The letter criticized the board’s handling of Altman and Brockman’s removals did not mince words: “Your conduct has made it clear you did not have the competence to oversee OpenAI,” it reads. Murati was the first signatory, and Sutskever, the board member who disagreed with Altman in the lead up to his firing, also signed.
On Monday morning, Suskever set off a fresh wave of speculation when he wrote on X that he “deeply regrets” participating in the board’s decision to remove Altman.
What could happen next?
For Microsoft the plan is relatively straightforward: It will funnel resources—money, personnel, and cloud computing power—into the new research arm Altman will lead. Altman will continue the same work he was doing at OpenAI, building increasingly sophisticated large language models and ideating commercial uses for them—perhaps with a staff including defectors from OpenAI.
Things at OpenAI seem much more tumultuous, as the threat of either a mass employee resignation or a total overhaul of the board—or both—looms. The company also faces the possibility of mass defections to Microsoft. In the meantime, Shear announced plans to investigate the circumstances of Altman’s firing.
And it will have to contend with disgruntled investors upset that OpenAI’s key man has departed for a rival that also happens to be one of tech’s biggest firms.

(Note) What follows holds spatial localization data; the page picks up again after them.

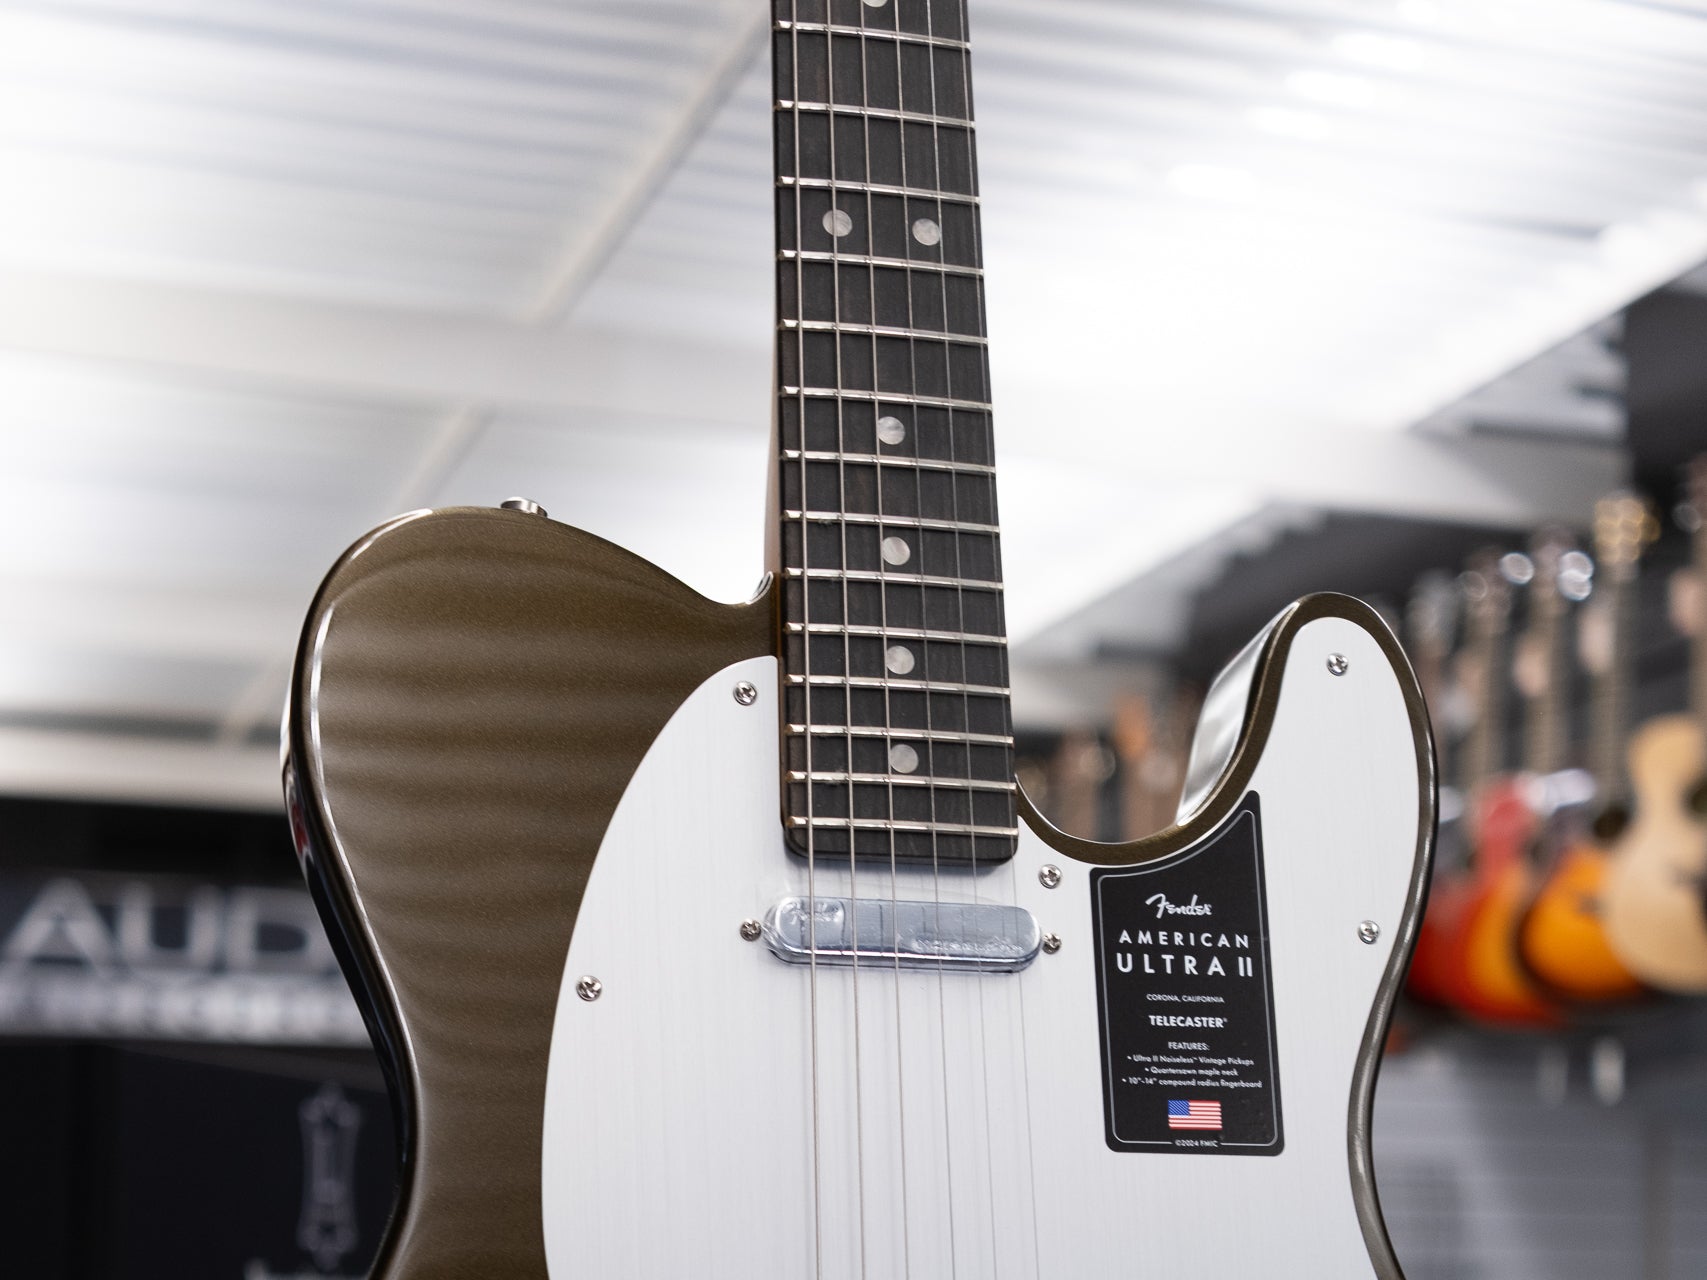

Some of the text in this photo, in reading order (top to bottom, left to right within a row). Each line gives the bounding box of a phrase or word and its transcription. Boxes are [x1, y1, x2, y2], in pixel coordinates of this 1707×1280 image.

[3, 878, 345, 972] AUD
[1119, 929, 1249, 948] AMERICAN
[1116, 952, 1253, 977] ULTRA II
[1146, 994, 1225, 1003] CORONA, CALIFORNIA
[1168, 1041, 1210, 1050] FEATURES:
[1132, 1055, 1152, 1063] Ultra
[1198, 1057, 1226, 1066] Vintage
[1227, 1057, 1254, 1067] Pickups
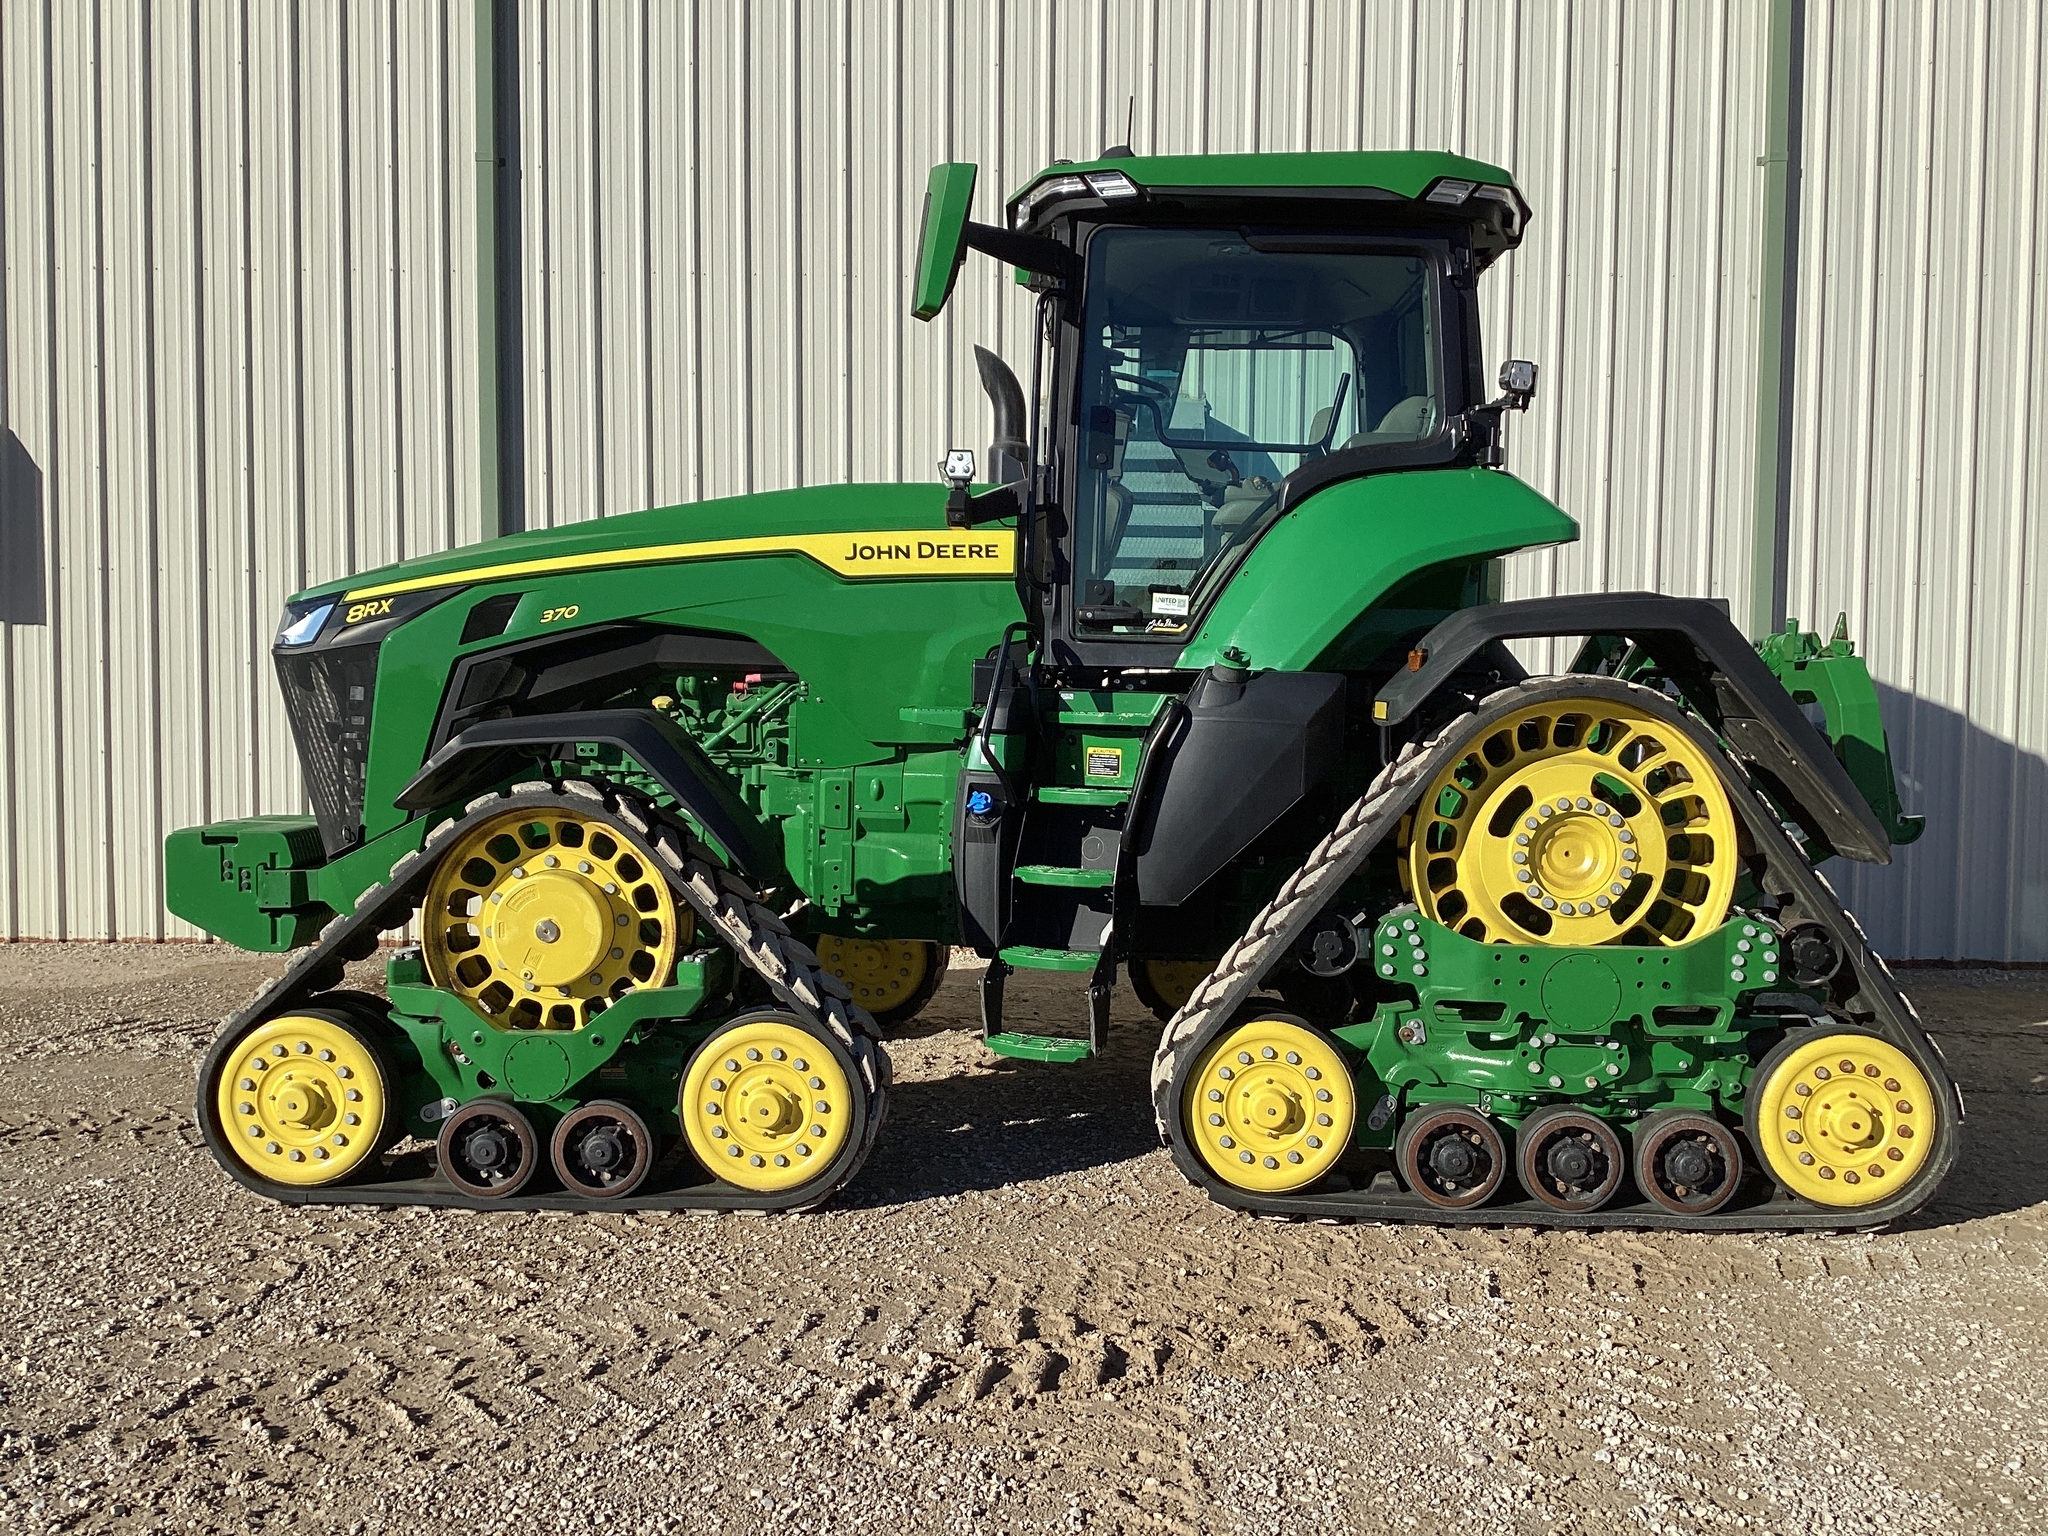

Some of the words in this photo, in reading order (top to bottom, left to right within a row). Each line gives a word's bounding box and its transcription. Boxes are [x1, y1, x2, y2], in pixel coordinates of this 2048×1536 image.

[844, 542, 911, 561] JOHN
[917, 541, 999, 559] DEERE
[1154, 596, 1177, 604] UNITED
[345, 598, 395, 623] 8RX
[540, 605, 580, 623] 370
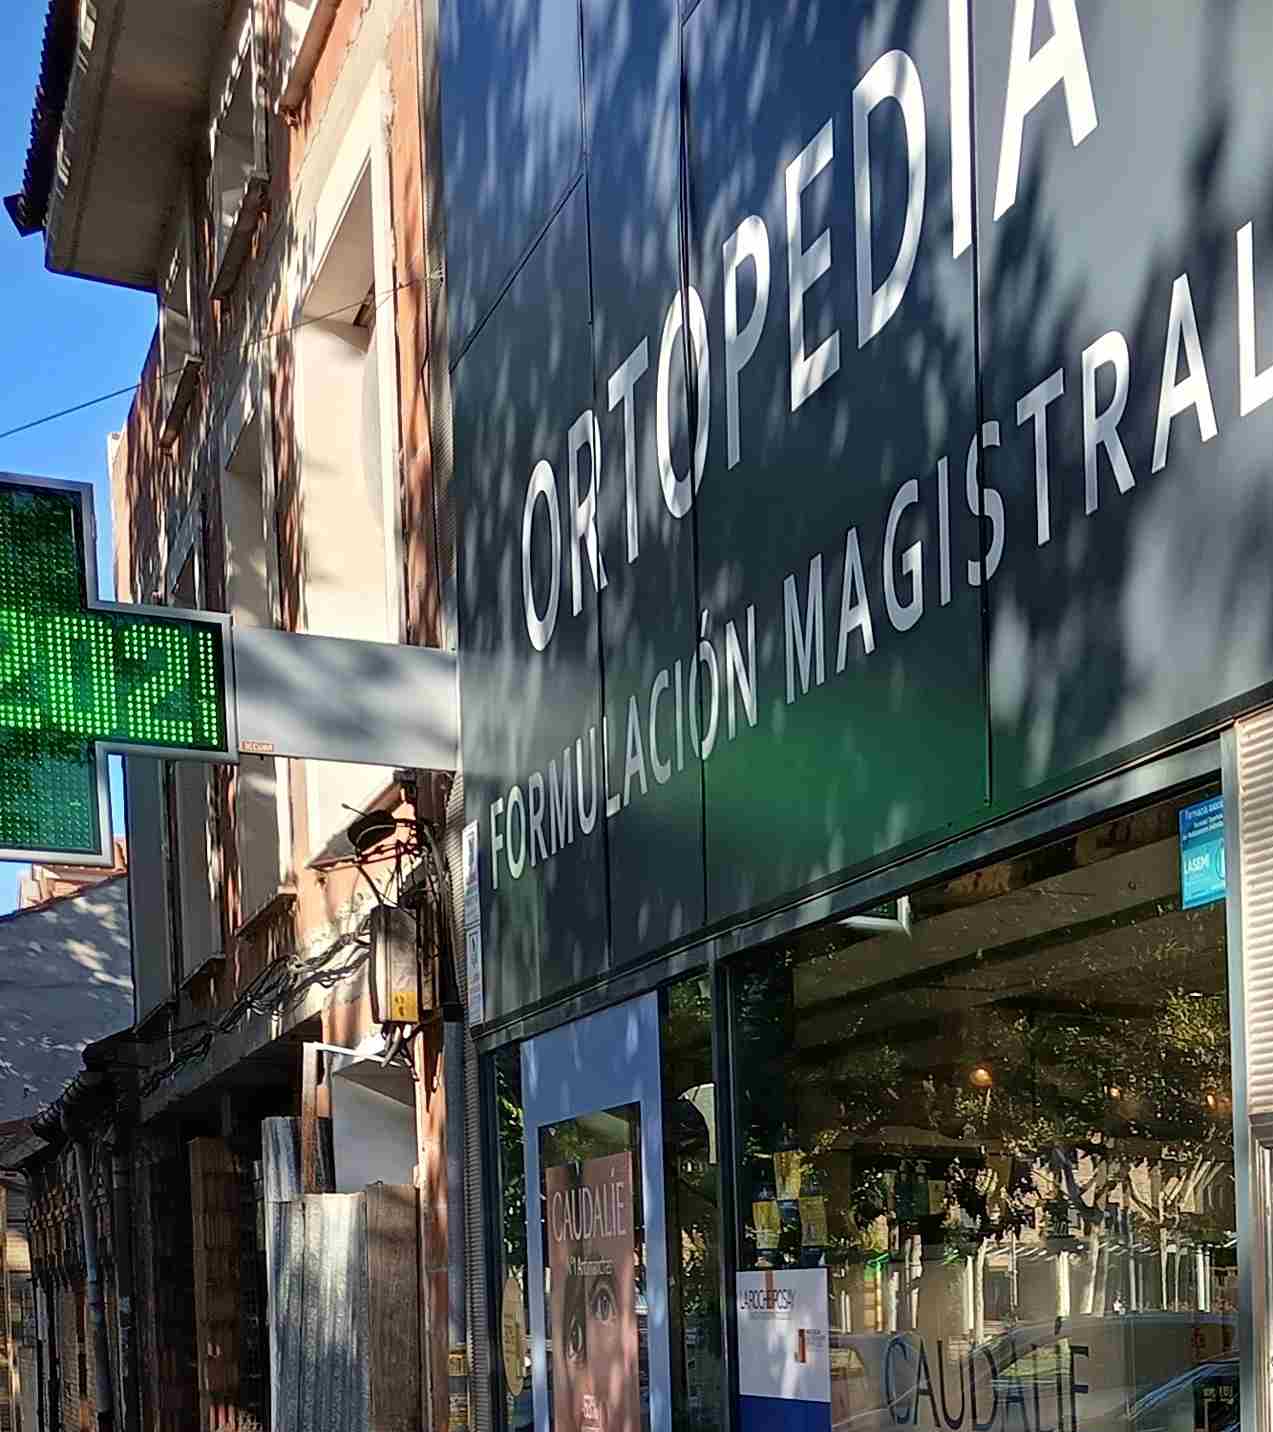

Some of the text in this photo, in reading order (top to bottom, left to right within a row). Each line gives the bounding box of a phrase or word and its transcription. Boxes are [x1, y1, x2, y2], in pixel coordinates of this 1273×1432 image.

If OpenAI ends up losing its lead in the AI race to Microsoft, then its investors may watch the value of their investments be wiped out. (And of course, Microsoft is one of these investors.)
As for Altman, free from the shackles of OpenAI’s unusual corporate structure as a for-profit subsidiary of a non-profit, he can pursue any and all paths to advance AI. Some have wondered, however, whether the longtime startup exec will find the rigidity of a corporate behemoth like Microsoft constricting. Meanwhile, sources told The Verge that Altman may still be angling for a return to OpenAI.
What does this mean for the future of AI?
Regardless of the various corporate machinations that occur, the weekend’s events illustrate the high-stakes consequences of artificial intelligence research.
This is not your standard tech company personnel drama: Unlike dating, ride sharing, or food delivery apps, AI’s future is tied to the future of our species, as the author Yuval Noah Harari has written. “Potentially we are talking about the end of human history,” Harari has warned, “the end of the period dominated by human beings.”